The Andy Griffith Show is an institution. A situation comedy that captures America’s yearning for lost innocence, for small-town safety and community, it offers the possibility that days might be spent fishing. In Mayberry, the worst criminals are well-intentioned drunks and the only real threats come in the form of scam artist interlopers from the big city. That the homespun wisdom doesn’t seem trite is due in large part to the charm of the man himself. Griffith’s Sheriff Andy Taylor raises adorable son Opie (Ron Howard), plays straight man to Deputy Barney Fife (Don Knotts), and eats Aunt Bee’s (Frances Bavier) apple pie. Now available on DVD, Season Two showcases the crew in fine form.
While Opie’s lessons are premised on traditional respect for honesty, God, and the law, the series avoids nostalgic treacle through some serious quirkiness. Andy models for his son a familiar Southern white masculinity — folksy and decent. But he’s surrounded by alternative possibilities, ranging from Barney to Floyd the barber (Howard McNear) to Otis (Hal Smith). Barney frequently tries to teach Opie fatherly lessons too, but he’s so clearly designated a comic distraction that he becomes the butt of humor that depends on effeminizing him.
While Barney’s marginality reinforces Andy’s norm by contrast, their coupledom is consistent. Andy plays the solid but fair father, Barney’s the fussbudgety mother. Positioned like an old married couple, these bonded bachelors keep women at the edges of their lives. Though he goes home to Opie and Aunt Bee (not even the grandmother, she never fully takes the place of the absent mother), Andy maintains connection with his better half. The Cleavers, this ain’t.

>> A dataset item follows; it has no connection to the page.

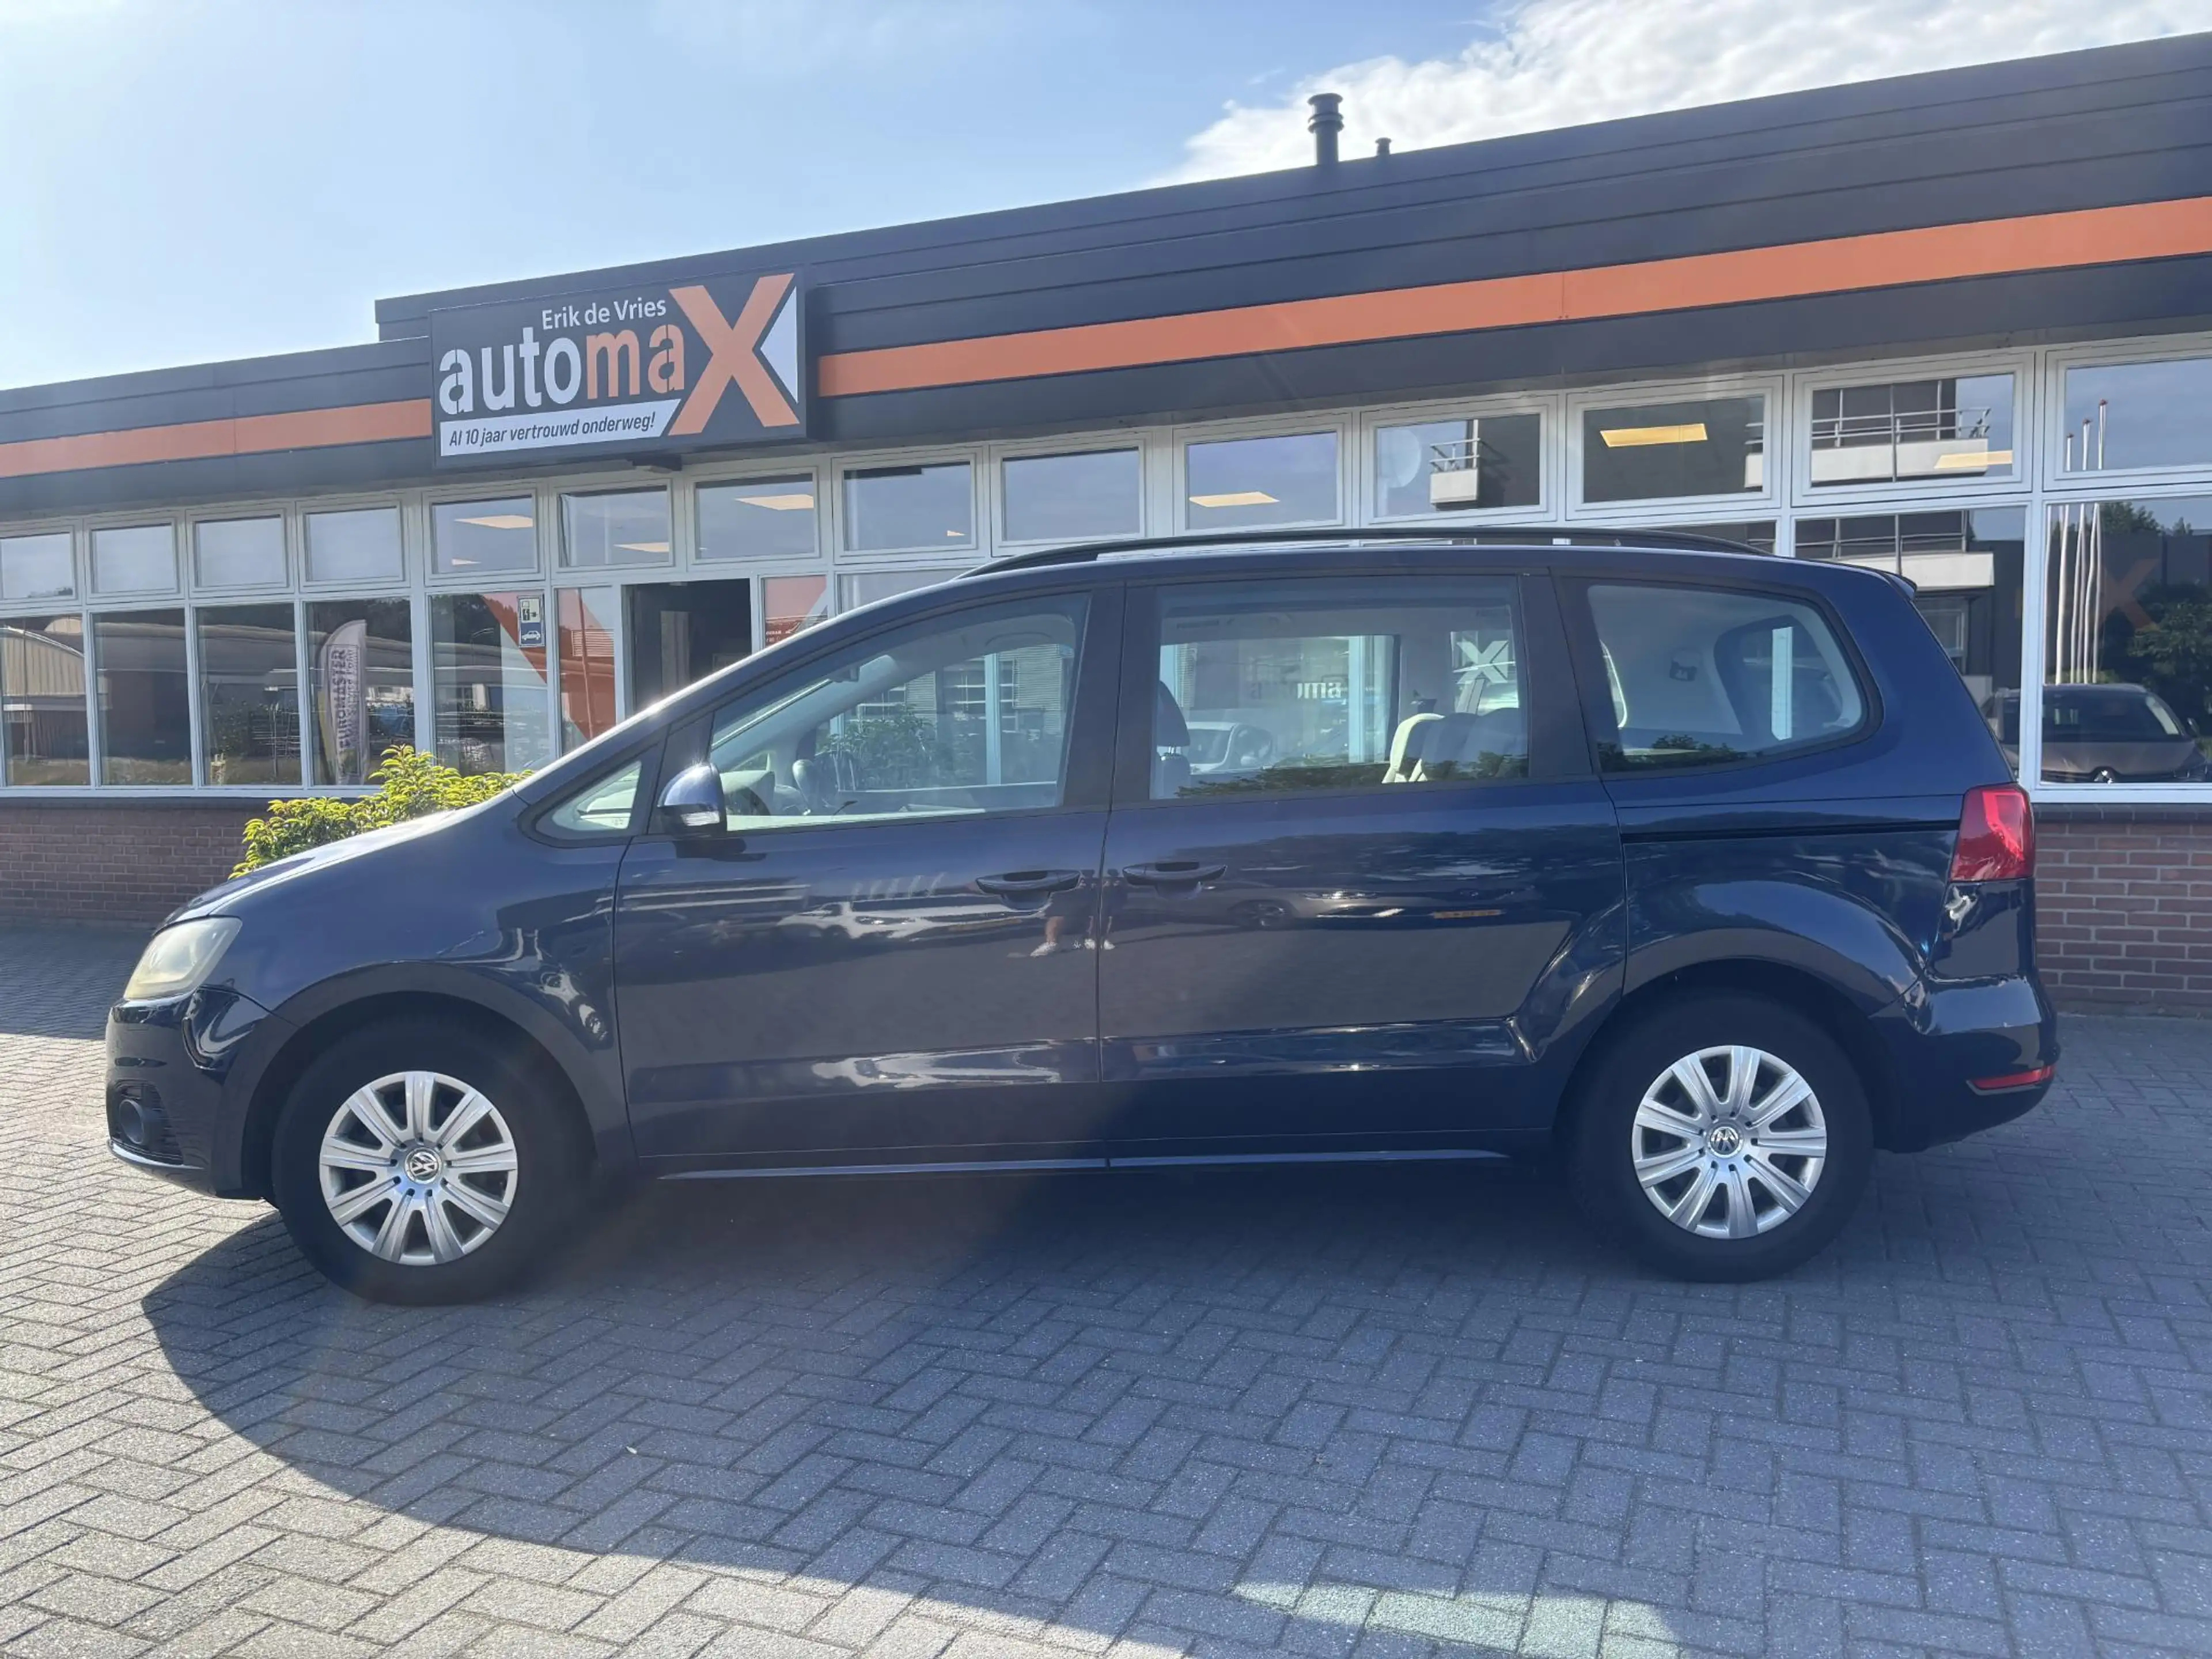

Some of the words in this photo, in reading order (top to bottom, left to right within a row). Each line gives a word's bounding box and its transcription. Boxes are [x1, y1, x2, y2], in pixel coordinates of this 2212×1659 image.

This dynamic is evident in a typical episode, “Opie and the Bully,” where a bully stops Opie every day and takes his milk money. As Opie keeps asking everyone for extra milk money, an anxious Barney follows him, hiding on a nearby porch, where he peers through a hole in a morning newspaper. When he reports back to Andy and wants to step in (balling his fists and acting nerdishly bellicose), Andy insists Opie must learn to fend for himself.
To that end, Andy plays normal dad: he takes his son fishing and recounts his own experience of resisting toughs: take the hit, laugh, then punch back “like a windmill in a tornado.” Andy sums up his parenting philosophy by saying, “I don’t want him to be the kind of boy who goes looking for fights, but I don’t want him to run from one when he’s in the right.” This advice works for Opie, and when he trounces the bully, he wears his black eye like a badge of honor.

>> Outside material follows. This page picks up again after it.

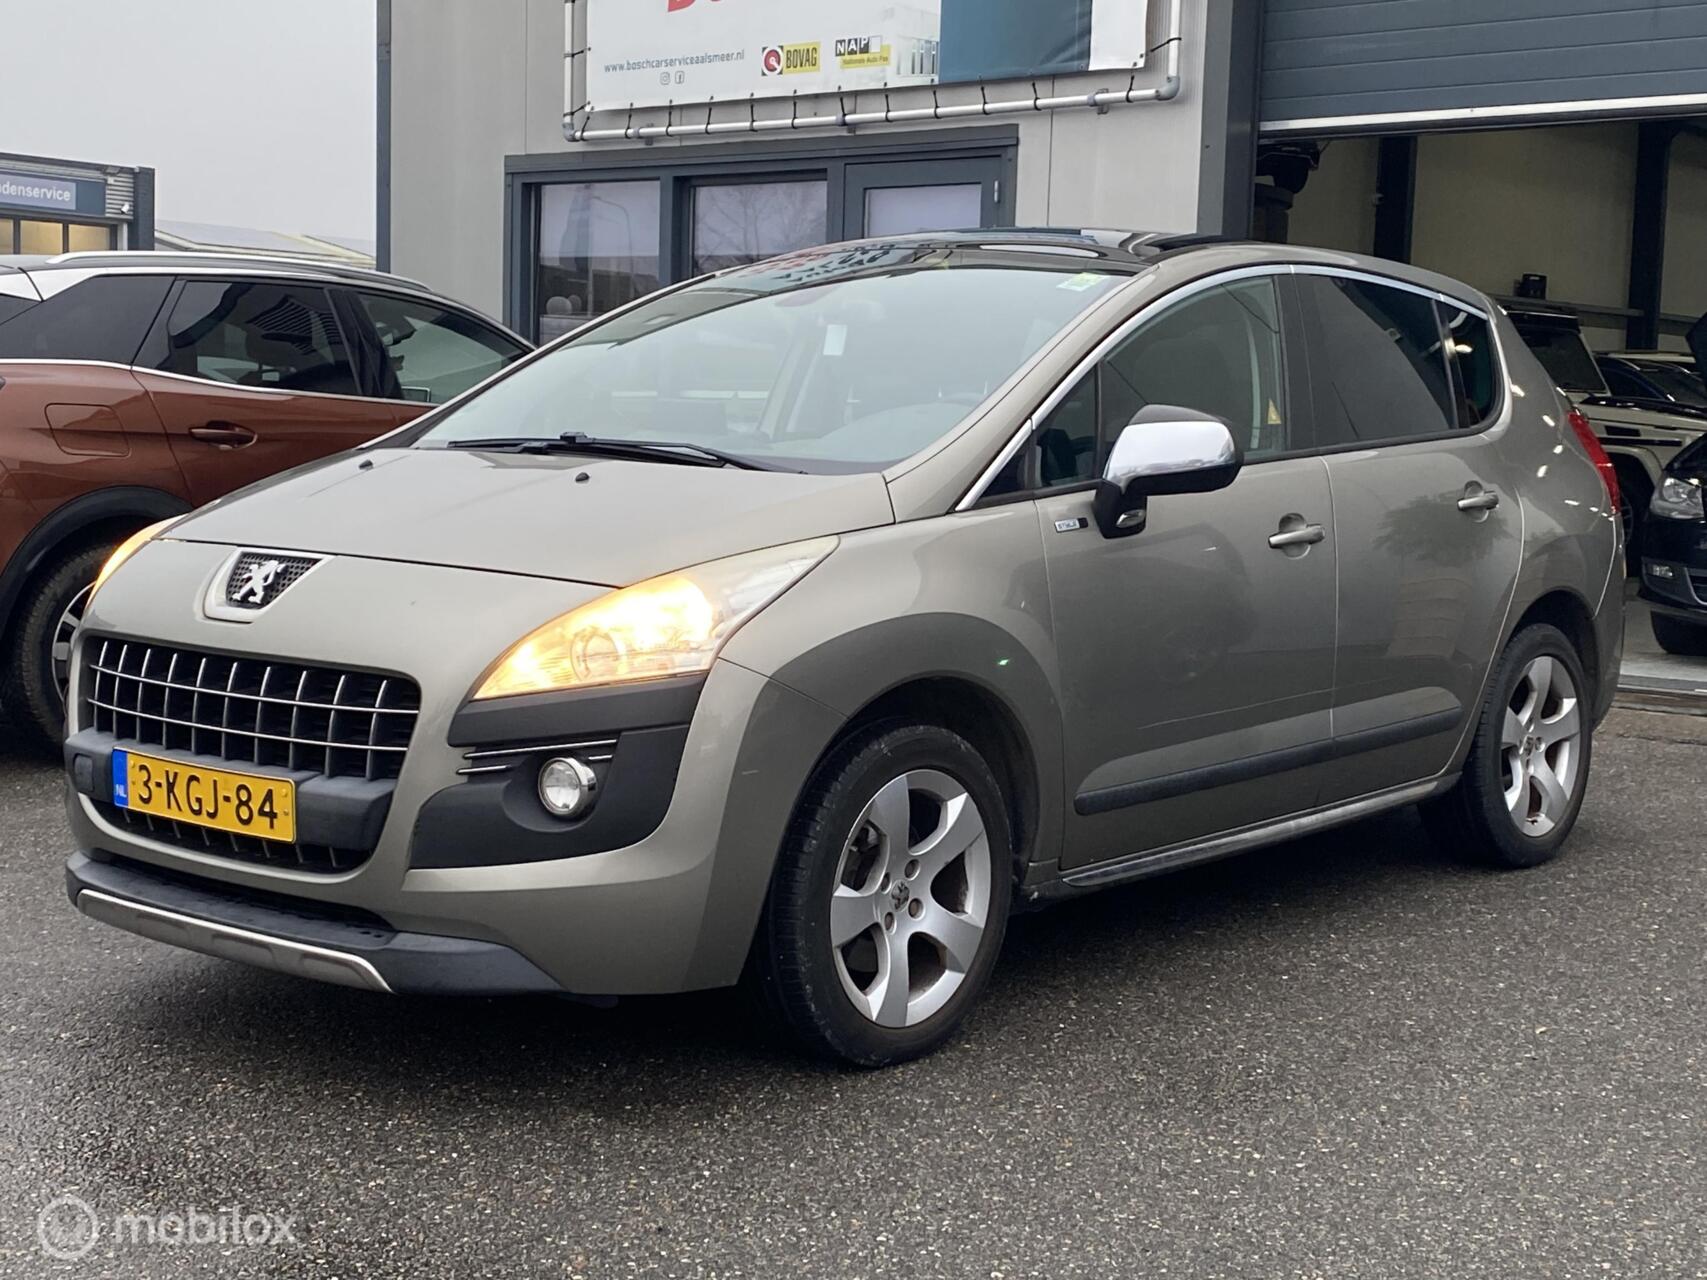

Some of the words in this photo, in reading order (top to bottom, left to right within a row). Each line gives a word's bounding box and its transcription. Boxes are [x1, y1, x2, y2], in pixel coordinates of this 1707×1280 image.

[836, 36, 869, 56] NAP
[604, 50, 745, 72] www.boschcarserviceaalsmeer.nl
[785, 47, 818, 68] BOVAG
[138, 764, 278, 829] 3-KGJ-84

Andy’s love life also marks the series’ departure from sitcom stereotypes. While we sometimes see him dating or verbally sparring (barely flirting) with women (like guest star Barbara Eden in one episode), those plotlines are few and far between. In “Wedding Bells for Aunt Bee,” the issue of single fatherhood and Andy’s seeming lack of interest in finding a mother for Opie are displaced onto the elderly Southern doyenne. She makes up an imaginary suitor so Andy can turn his attention from her to finding his own wife. Here, the show invents an alibi for Andy’s disinterest (taking care of his unmarried female relative) and turns it into a comic storyline, again avoiding male-female romance.
This odd dancing around norms also occurs with regard to Andy’s authority. Certainly, the series reinforces a sense of absolute confidence in systems of law enforcement, justice, and local government. But it also gently questions how authority works. “Andy and the Woman Speeder” identifies the consolidation of too much power in one person’s hands as a potential problem. Andy gives a speeding ticket to a magazine writer, Elizabeth (Jean Hagen), passing through on her way back to DC. When she wants to appeal the ticket (saying he’s set up a speed trap), Andy takes her to the station, where he informs her he’s also the justice of the peace. As he increases the fine for her contempt of court, she wants to appeal to yet another authority, so he puts her in jail for the night to wait for Mayor’s Court the next day.
Affirming the idea that his use of power is benevolent, Andy sends Aunt Bee to care for the “stubborn female” (because the law requires a female warden) and tells Barney to “lock her up and buy some pink towels.” At the hearing the next day, Andy’s witnesses, including Barney, Opie, and Floyd, abandon him due to Elizabeth’s charms, and she gets off. Andy decries the miscarriage of justice, and his principled stand makes Elizabeth feel so badly that she speeds again while leaving, so he can charge her the original fine. Her protest against even the potential for corruption is allayed by the idea that Andy is an exemplary holder of justice.
Such individual integrity grounds The Andy Griffith Show. And so the series’ allowances for non-traditional family life and challenges to conventional authority and gender roles never seem so troubling as they might have.